Other evaluation issues will likely also arise, just as they do with nearly every major policy change in nearly every area. Yet the best way to build stronger evaluation systems is to refine them through practice. As Colorado’s evaluation system enters full implementation, we should provide ample opportunities at both the district and state level for educators to give feedback on the system as it operates in reality. We should also support continued research into ways to further strengthen the system. By pressing ahead thoughtfully instead of reverting to the status quo, we can ensure that we are working toward improvement instead of stagnation. We know that where we came from wasn’t working, but we cannot reliably speak to the quality of where we’re going until we actually get there.
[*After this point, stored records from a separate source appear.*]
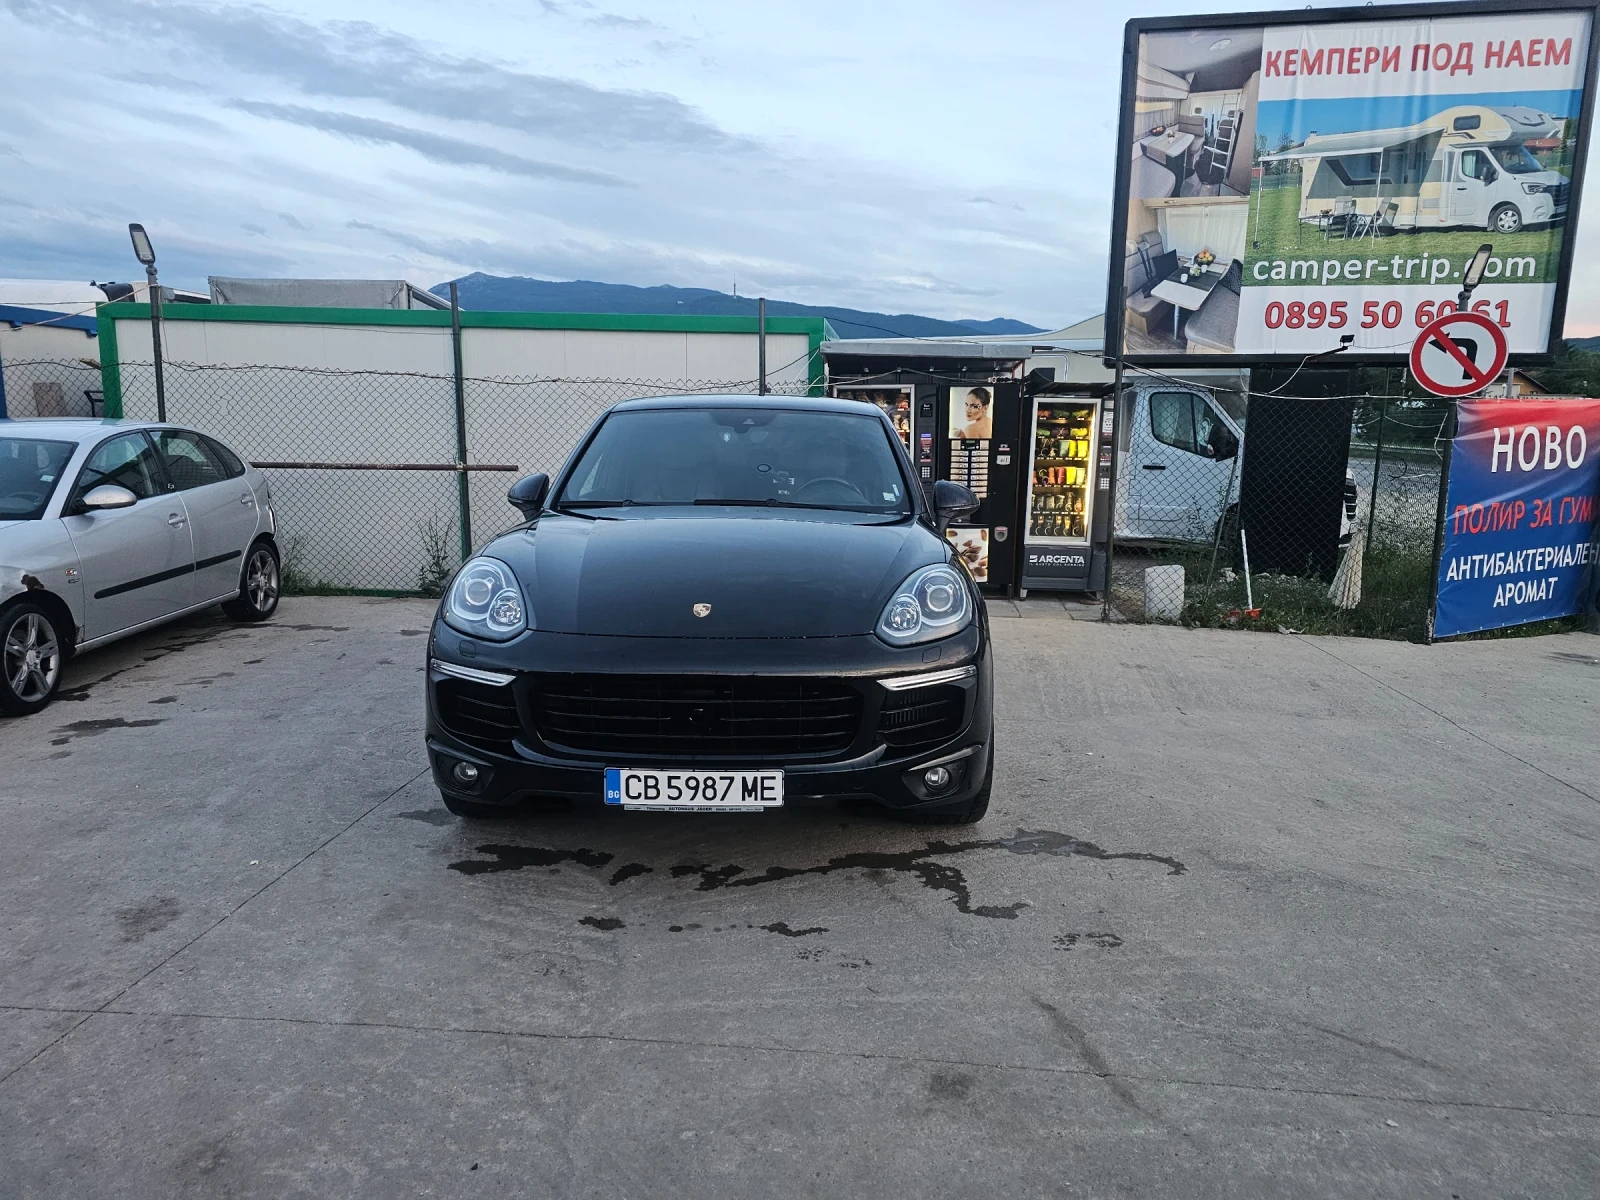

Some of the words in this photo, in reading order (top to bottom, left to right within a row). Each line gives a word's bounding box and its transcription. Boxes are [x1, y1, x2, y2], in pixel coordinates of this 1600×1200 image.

[1265, 45, 1401, 77] КЕМПЕРИ
[1411, 42, 1474, 76] ПОД
[1484, 38, 1572, 68] НАЕМ
[1264, 301, 1348, 329] 0895
[1361, 300, 1403, 329] 50
[1491, 425, 1587, 473] НОВО
[1453, 500, 1526, 535] ПОЛИР
[1529, 498, 1552, 528] ЗА
[1038, 554, 1085, 564] ARGENTA
[1493, 577, 1559, 608] АРОМАТ
[608, 790, 620, 799] BG
[625, 774, 661, 801] CB
[667, 775, 735, 802] 5987
[741, 776, 777, 802] ME
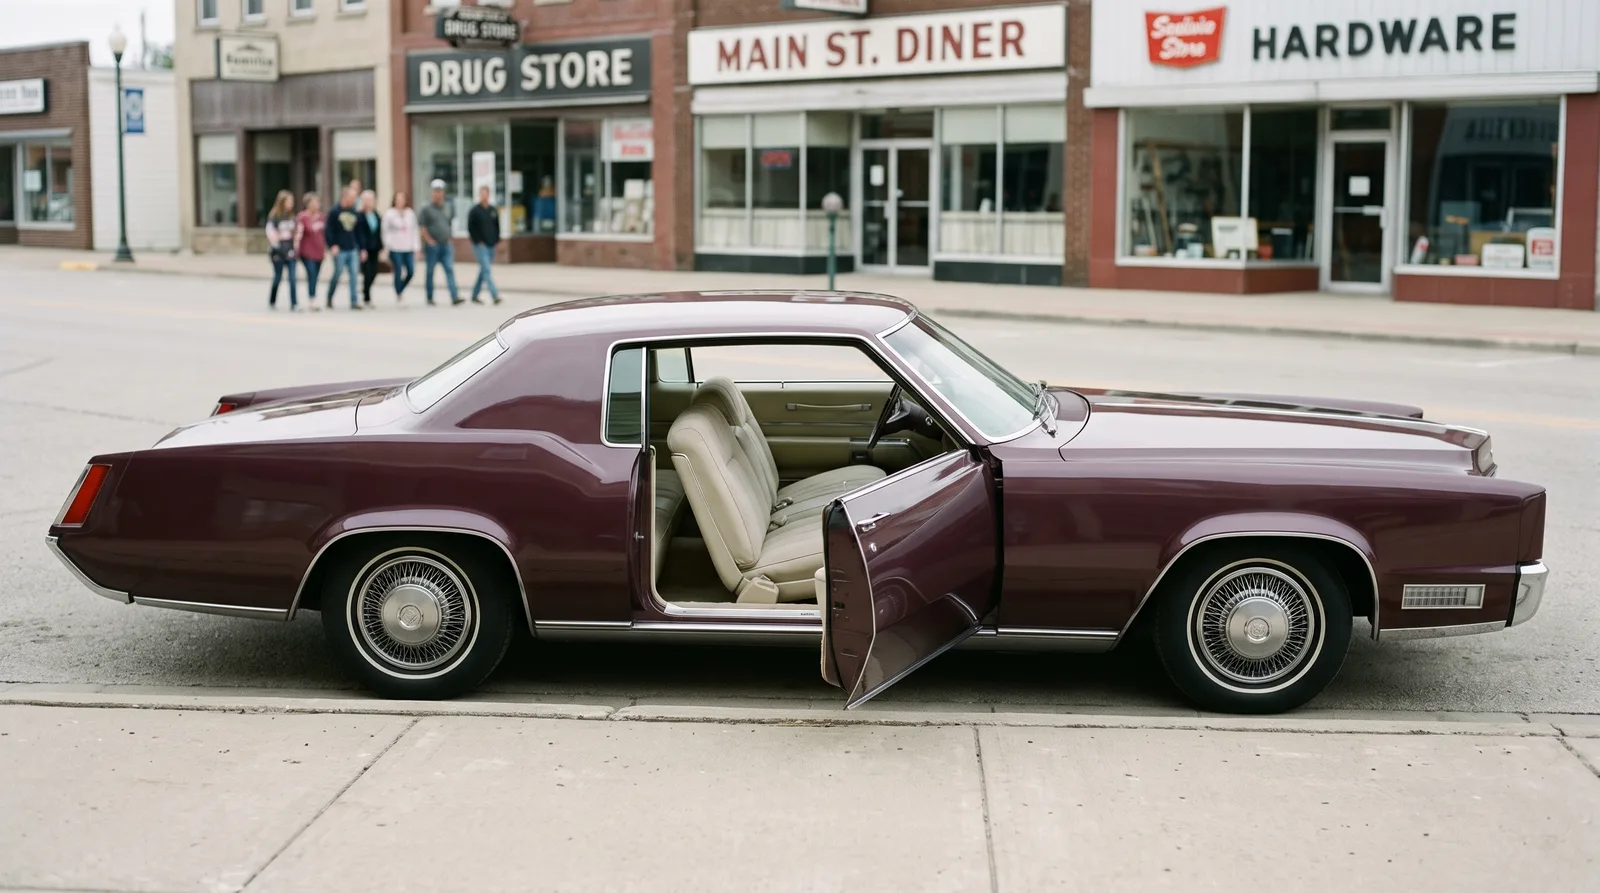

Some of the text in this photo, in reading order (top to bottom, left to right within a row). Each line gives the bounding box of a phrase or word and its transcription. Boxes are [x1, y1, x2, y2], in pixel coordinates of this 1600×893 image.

[444, 19, 516, 40] DRUG STORE
[717, 21, 1026, 72] MAIN ST. DINER
[1253, 13, 1517, 61] HARDWARE
[419, 48, 634, 97] DRUG STORE
It should also be noted that no evaluation system is perfect. Even so, many millions of Americans go to work every day in a countless number of industries, fields, and occupations. The overwhelming majority of these Americans are evaluated on a regular basis, and those evaluations carry real consequences. Many of the evaluations are influenced by factors outside employees’ control. Few people are fortunate enough to work in a field in which objective data is even available, and fewer still have seen millions spent on researching, developing, and implementing evaluation systems that are painstakingly analyzed and agonized over in the interest of maximizing fairness. For most, this is simply the way the world functions—and a great many employers would tell you that “high-stakes” evaluations are a critical part of maintaining a great workforce. Viewed in this light, tenure in the absence of meaningful performance evaluation is a relic of a bygone era long since abandoned by the rest of a competitive, market-driven America. If we truly want what’s best for our children, it’s time for education to follow suit.
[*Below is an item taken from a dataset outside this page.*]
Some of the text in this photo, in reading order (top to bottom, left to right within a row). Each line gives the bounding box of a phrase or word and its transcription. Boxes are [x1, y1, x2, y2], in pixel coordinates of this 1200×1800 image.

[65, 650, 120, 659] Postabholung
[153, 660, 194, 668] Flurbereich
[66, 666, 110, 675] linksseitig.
As the debate over testing and evaluation grows increasingly complex, the strange alignment of conservatives and teachers unions has resulted in an immensely confusing political landscape. On the surface, it appears that both sides want the same things: Opt-out rights for parents, a decrease in testing time, and less onerous tests. Dig a little deeper, though, and problems with that narrative begin to emerge. These problems—and the stark differences in motivation they illustrate—merit careful consideration. Now more than ever, it is critically important that decisions are made from sound philosophical and policy positions rather than on the basis of political expediency.
Ross Izard is an education policy analyst at the Independence Institute, a free market think thank in Denver.